EVENING REPORT
(4.30pm AEST)

Local stocks recovered this afternoon, managing to rise slightly for the first time in three trading sessions. Continued concerns about an oversupply of iron ore and weaker than expected property price growth in China was put to one side, following Monday's 1.3 per cent plummet.

The miners recovered late despite the continued slide in the iron ore price. BHP Billiton (BHP) managed to rise 0.05 per cent, Rio Tinto (RIO) lost 0.1 per cent and Fortescue Metals (FMG) recovered most of yesterday's losses, improving by 3.89 per cent. Three of the big four banks finished slightly higher.

Amongst ASX200 companies, Treasury Wine Estates (TWE) and Sirius Resources (SIR) were standouts. TWE surged 19 per cent after rejecting a $4.70/share, $3.05 billion takeover offer from a U.S. based private equity firm called KKR. TWE now trades 2 per cent above the bid at $4.80. The wine company behind brands like Penfolds announced its plan to drive profit growth through 'increased investment in consumer marketing, to be funded by a comprehensive overhead and cost reduction program" in an announcement to the market. It expects to produce $35 million in costs savings next financial year, with staff cuts likely.

WA based exploration company, Sirius Resources (SIR) rose by 4 per cent after the Goldfields Lands and Sea Council advised that "the Ngadju claim group, who are the traditional custodians of the land covering the Nova Nickel Project, have agreed to provide the necessary consent..." for a mining lease.

On the economic front, the minutes from the Reserve Bank's May monetary policy meeting were released. The RBA is showing no urgency in changing the rate setting, with rates remaining at 2.5 per cent since mid-2013. Spending has jumped for the 21st month across the economy according to the Commonwealth Bank Business Sales Indicator. Retailers ended mostly firmer today.

By the close, 1.79bn shares were traded worth $4.51 billion. 448 stocks finished firmer, 482 in the red and 388 were unchanged.

The Australian dollar fell to a two-week low today and now buys US92.7c.
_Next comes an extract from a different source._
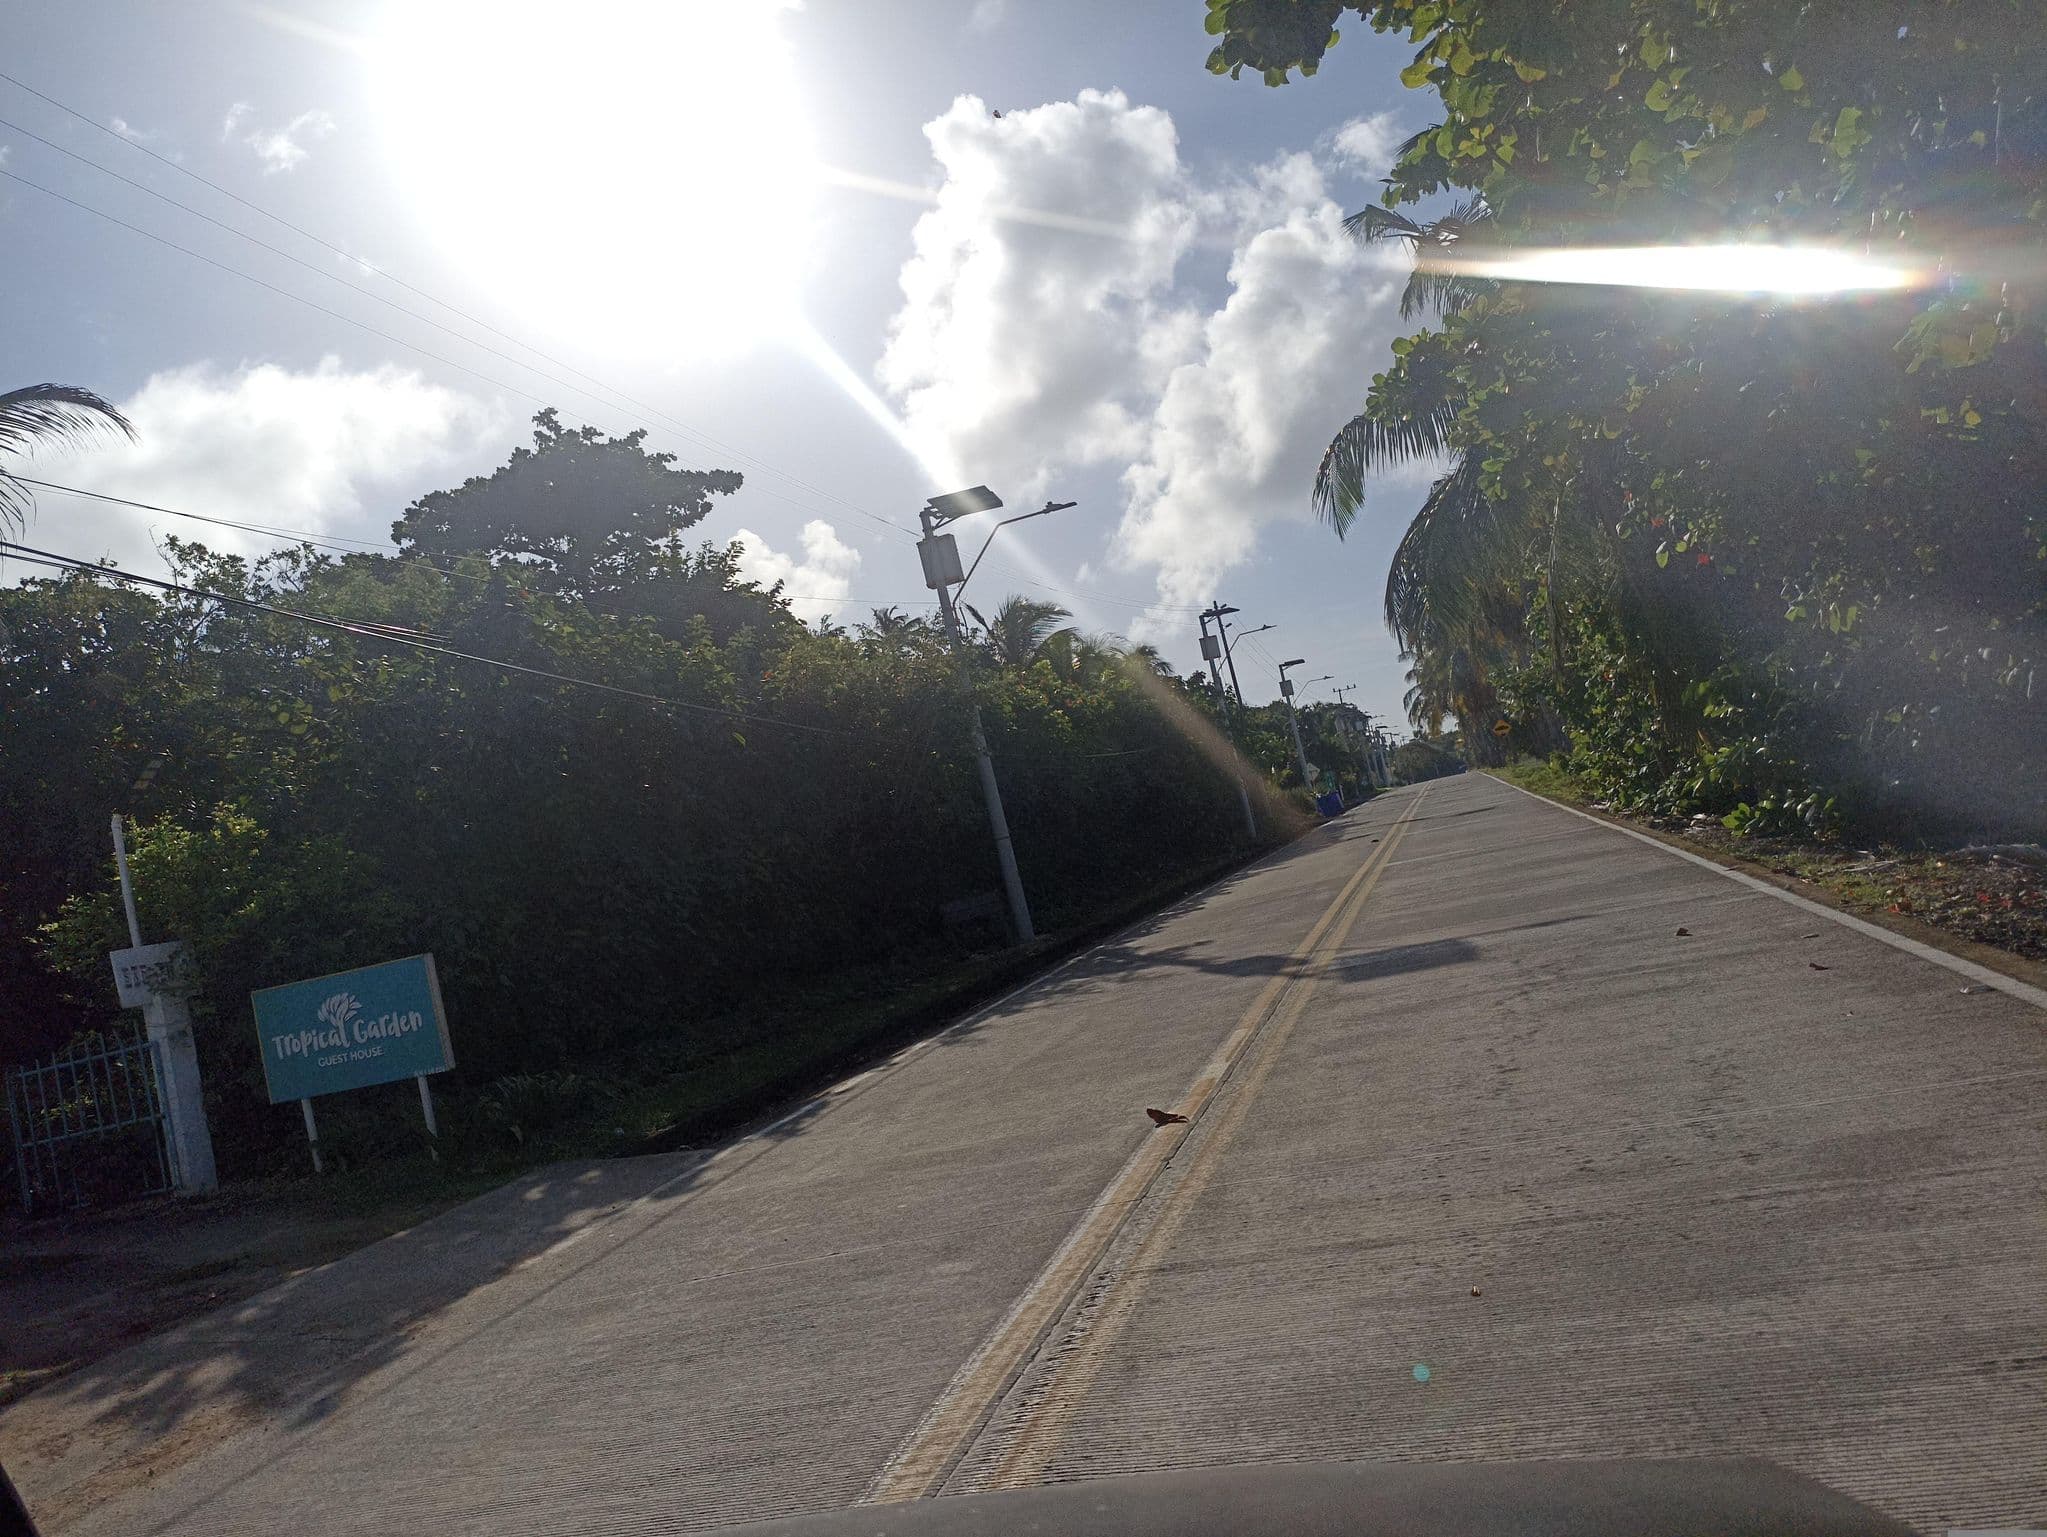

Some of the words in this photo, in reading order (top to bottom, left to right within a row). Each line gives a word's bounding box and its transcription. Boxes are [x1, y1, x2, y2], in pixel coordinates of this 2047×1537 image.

Comments from Guy Debelle, RBA Assistant governor, that the Australian dollar is more likely to drift lower rather than higher over the medium term, the RBA minutes and a warning from ratings agency S&P that Australia's AAA credit rating could be reviewed were all in focus today.

Tonight, two of the 12 Federal Reserve Presidents will be delivering talks in the U.S. Commentary from U.S. central bank officials tends to attract at least some attention from markets.